今は6歳になる長男が川崎病を発病しました。


我が家も2年前の冬、今は6歳になる長男が川崎病を発病しました。
当初、私は単なる風邪だと軽く考えていました。
しかし時間が経過するにつれて長男の症状がひどくなり(40度を超える発熱、腹痛及び頸部リンパ節痛、目の充血、全身の発疹)発病からわずか2日の入院時には、症状の全てがそろい川崎病の治療をすぐに開始しました。
しかし唯一の薬とも言える、ガンマグロブリンもまったく効かず、長男の病状はますますひどく、もちろん食事もとれず、尿の量も減りほとんど出なくなっていました。
それでも長男はベットの上でただ全身を痛がるだけ、今思い出しても親子ともに本当に長くつらい時間でした。
もちろん病院の医師や看護婦のみなさんはあらゆる治療手段を尽くして下さいましたが、全て効果がなく、ますます悪化するばかり。
発病から7日目ついには肺水腫、心不全、呼吸不全まで引き起こしてしまい、ほとんど意識のない状態でついにICUに入ることになりました。
しかし川崎病そのものには何も治療法がないわけで、合併症の対処療法のみ、医師からは「お子さんの体力を信じましょう。」と言われてしまいました。
今だから冷静に話せますが、その時の私にはその言葉がまるで息子の死亡宣告のように聞こえました。
そしてICUの中での息子は麻酔をかけられ眠っているようでした。体中には無数の管やコード、今でもあの時の様子は忘れることが出来ません。
もちろんICUでは付き添う事が出来ず、会えるのはわずかな面会時間だけでした。
それでも面会中は、私たち夫婦の声が聞こえるのか、息子に声をかけると、涙が溢れ、動けないはずなのに、必死に体をよじり暴れ抑制までされていまいました。(もちろん大切な管やコードを外さないため担当の看護婦さんもが痛くないようにそれでもきちんと)ここまでつらい思いをさせる必要があるのか、本当に悩みました。このまま家に連れて帰った方がいいのではとさえ思ったこともありました。

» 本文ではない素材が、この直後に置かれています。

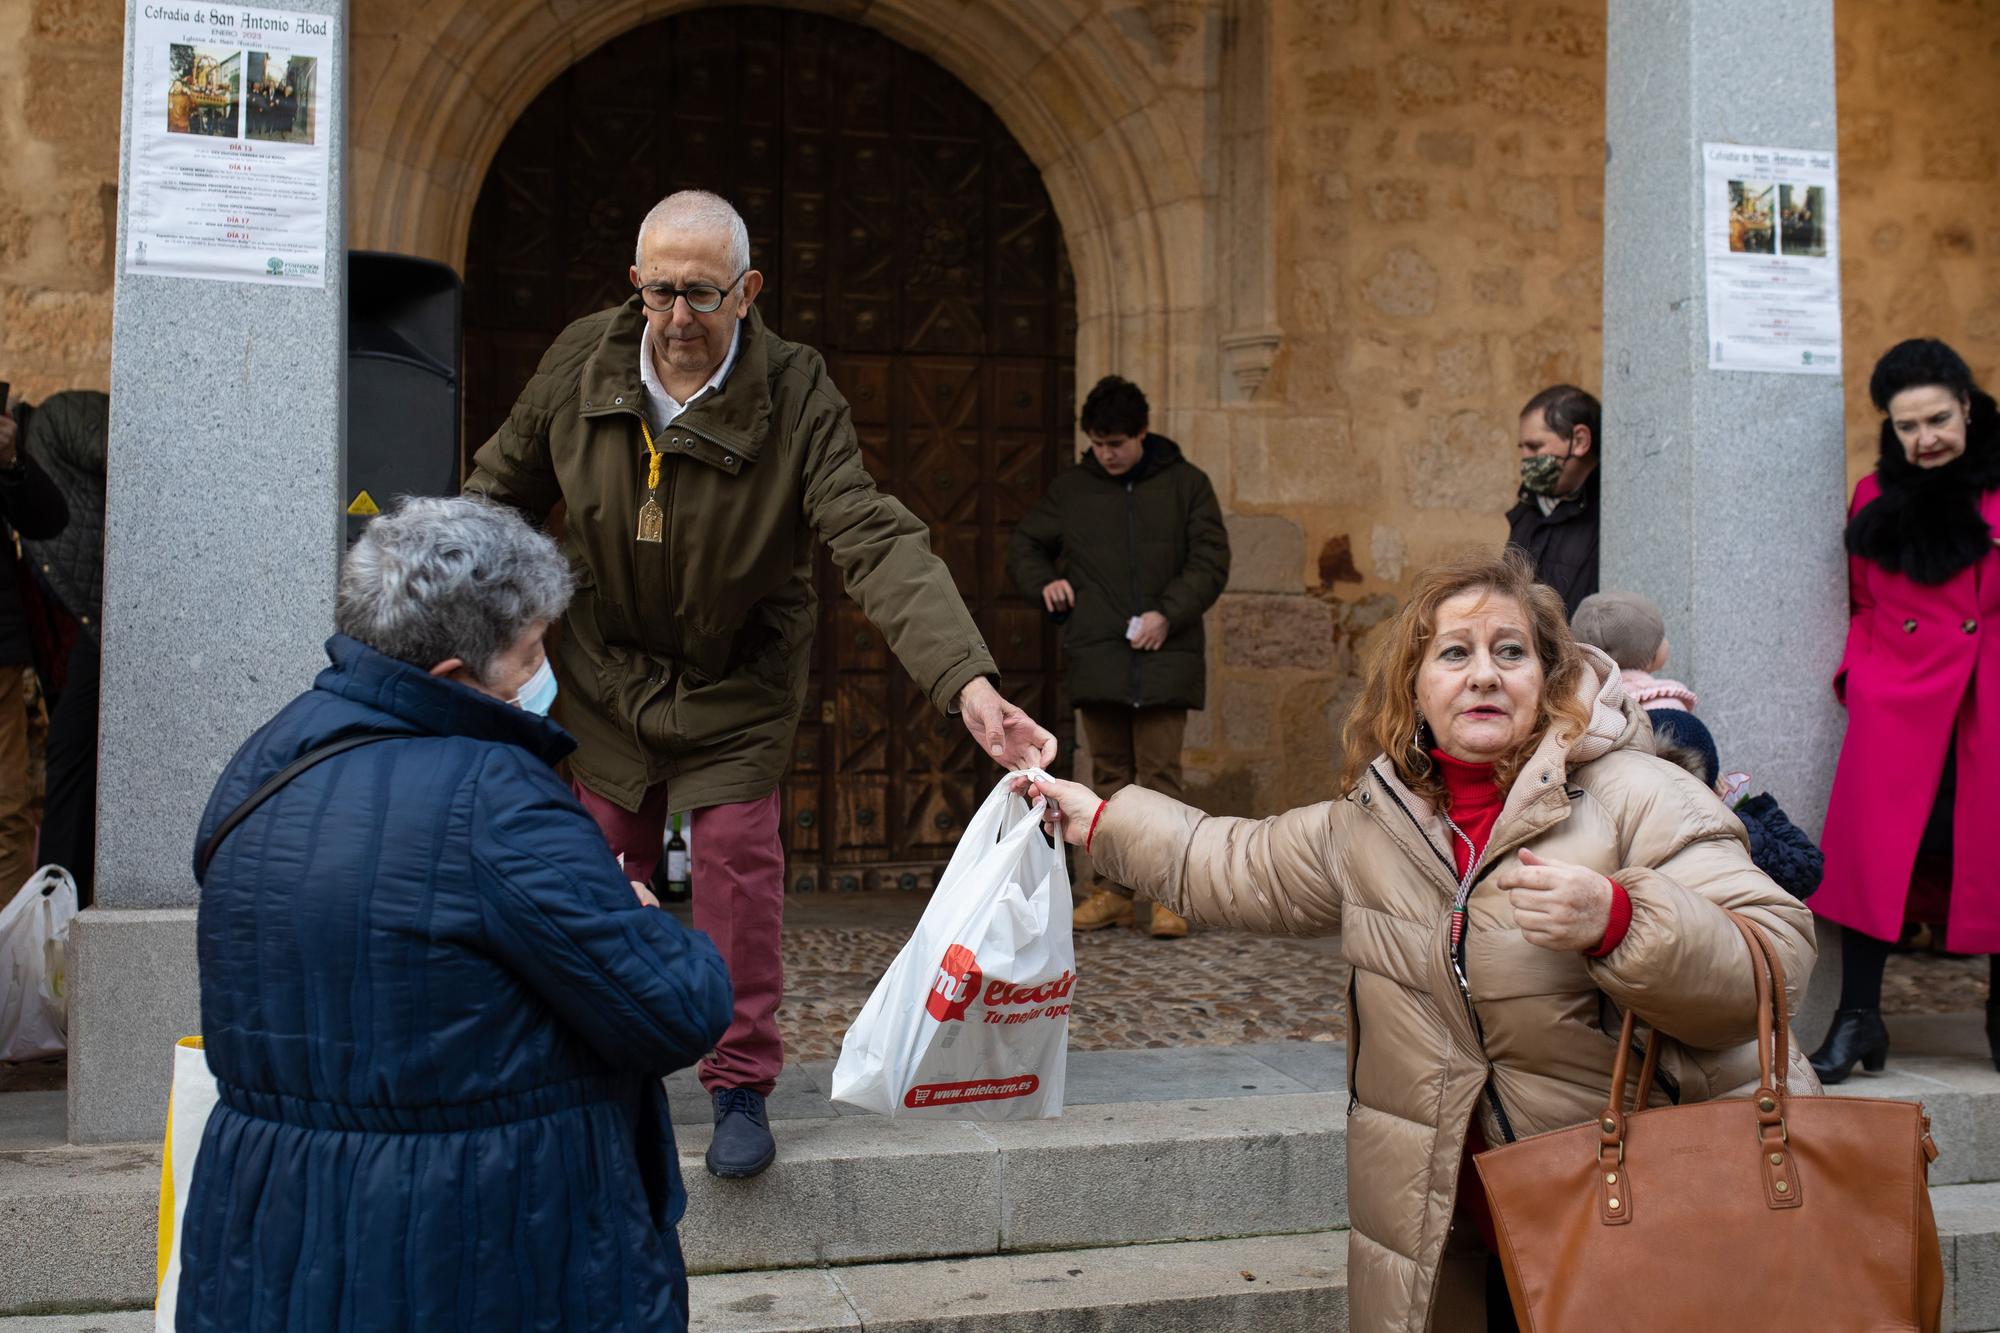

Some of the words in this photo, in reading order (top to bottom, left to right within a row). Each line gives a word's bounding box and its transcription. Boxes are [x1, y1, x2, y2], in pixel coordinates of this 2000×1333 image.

[194, 10, 205, 24] de
[209, 9, 234, 27] San
[240, 12, 289, 32] Antonio
[295, 18, 327, 36] Abad
[211, 29, 238, 37] ENERO
[242, 31, 262, 40] 2023
[229, 143, 242, 151] DÍA
[229, 163, 241, 171] DÍA
[226, 215, 239, 223] DÍA
[226, 231, 240, 239] DÍA
[936, 967, 972, 1004] mi
[983, 1010, 1004, 1025] Tu
[1004, 1007, 1044, 1025] mejor
[933, 1080, 1032, 1100] www.mielectro.es
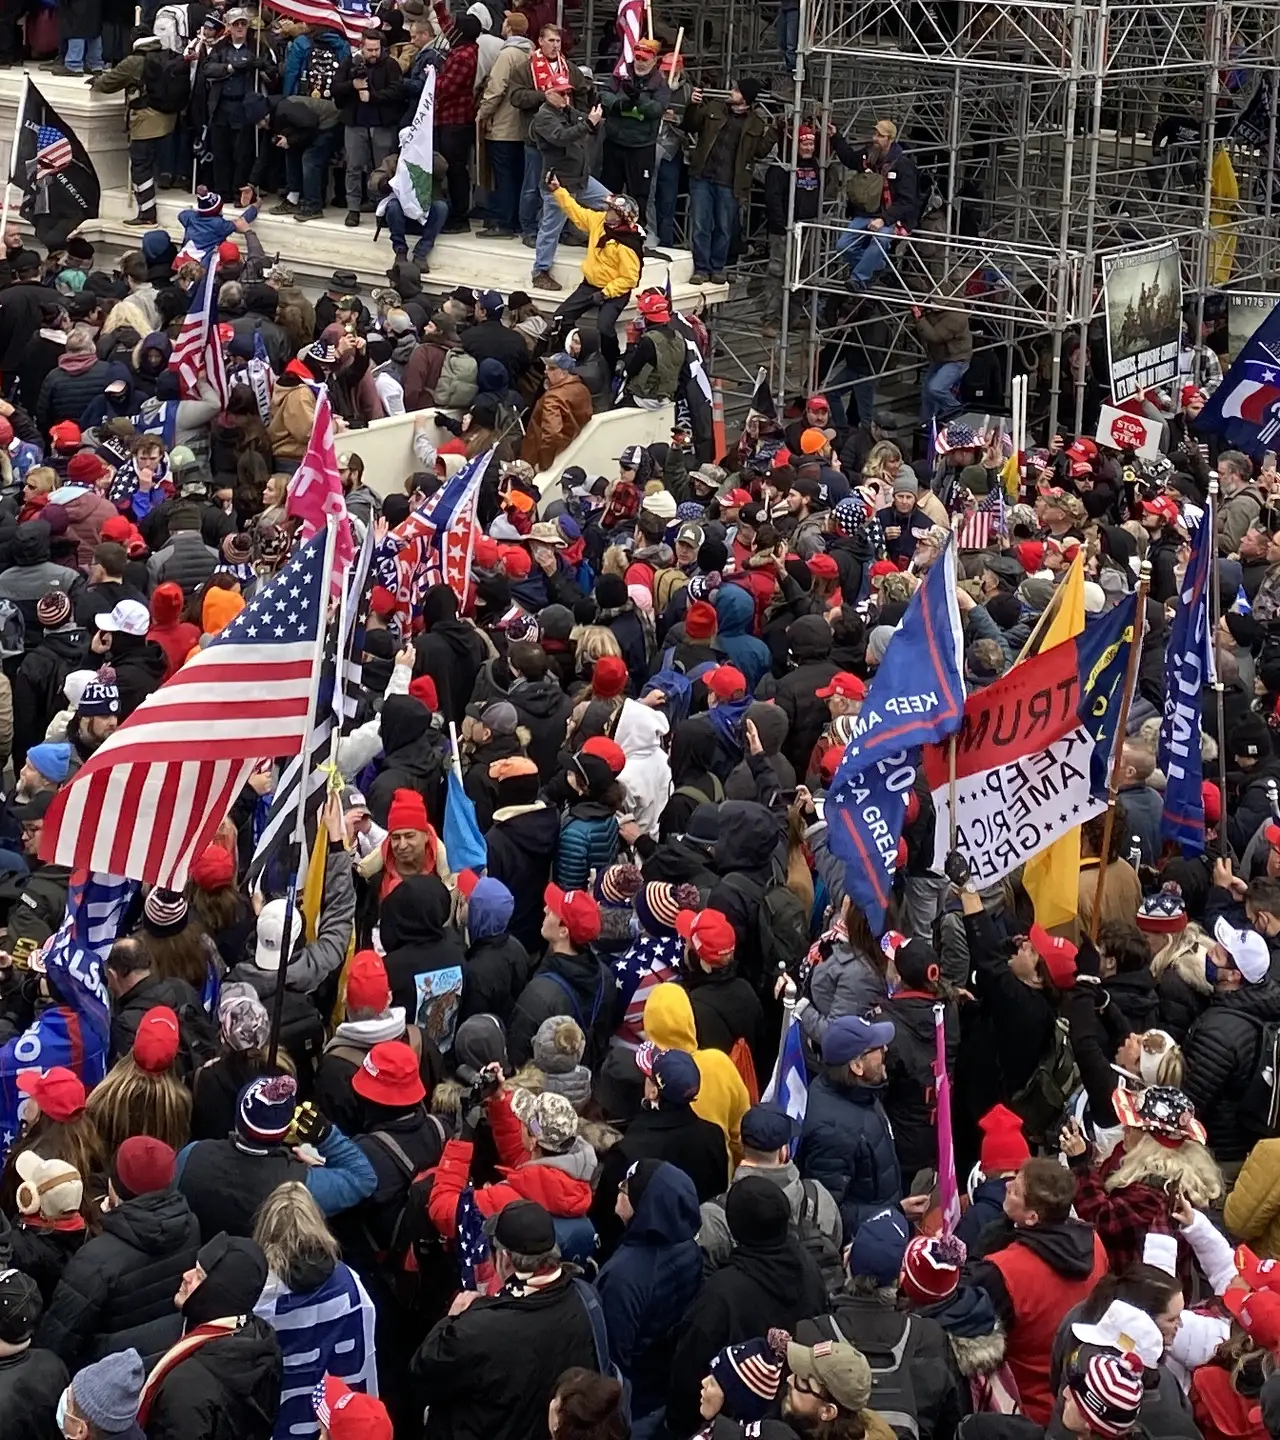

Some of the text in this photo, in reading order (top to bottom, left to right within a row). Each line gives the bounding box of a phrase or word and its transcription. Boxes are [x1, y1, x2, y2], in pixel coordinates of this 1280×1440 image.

[1231, 296, 1242, 306] IN
[1116, 419, 1143, 434] STOP
[1112, 431, 1143, 448] STEAL

そんな日々が幾日か過ぎ、ようやく合併症の方は少しずつですが快復傾向に、一週間後ICUを出て一般病棟に移りました。
しかし川崎病そのものが収まる気配はなく、相変わらずの炎症反応の数値の高さでした。効果があると思われる治療をいくつも行われましたが効果は現れず、60日もの入院生活を過ごしました。

ただ不幸中の幸いでしょうか、心臓の方には瘤を作らずに済み後遺症としては残りませんでした。
それから、定期的に心臓の検査や診察はありますが今は普通に毎日を過ごしています。

あれから、ようやく2年になりますが、未だに長男が発熱をすると、再発をつい疑ってしまいます。いつも爆弾を抱えているようで、でも負けないように家族みんな力を合わせてがんばっています。

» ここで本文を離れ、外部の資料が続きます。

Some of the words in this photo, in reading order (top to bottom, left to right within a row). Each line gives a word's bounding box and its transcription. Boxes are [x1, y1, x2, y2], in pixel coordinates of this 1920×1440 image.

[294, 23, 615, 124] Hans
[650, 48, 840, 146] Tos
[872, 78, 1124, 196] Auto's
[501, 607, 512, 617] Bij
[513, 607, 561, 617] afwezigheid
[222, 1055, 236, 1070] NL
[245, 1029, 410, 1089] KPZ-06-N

今はただ、一日も早く病気の原因解明と治療方法の確定を望みます。

そして今闘病中のお子さんをお持ちの方へ
 色々な悩み苦しみそして悲しみと怒りがあると思いますが、負けないで下さい。どんなことがあっても、元気になる日が来ることを信じてあげて下さい。そんなあなたの気持ちが必ず子供に通じてくれるはずだと思います。今はあなたのお子さんの力だけ信じて下さい。願いの通じる日が一日も早く来ることを心からお祈り申しあげます。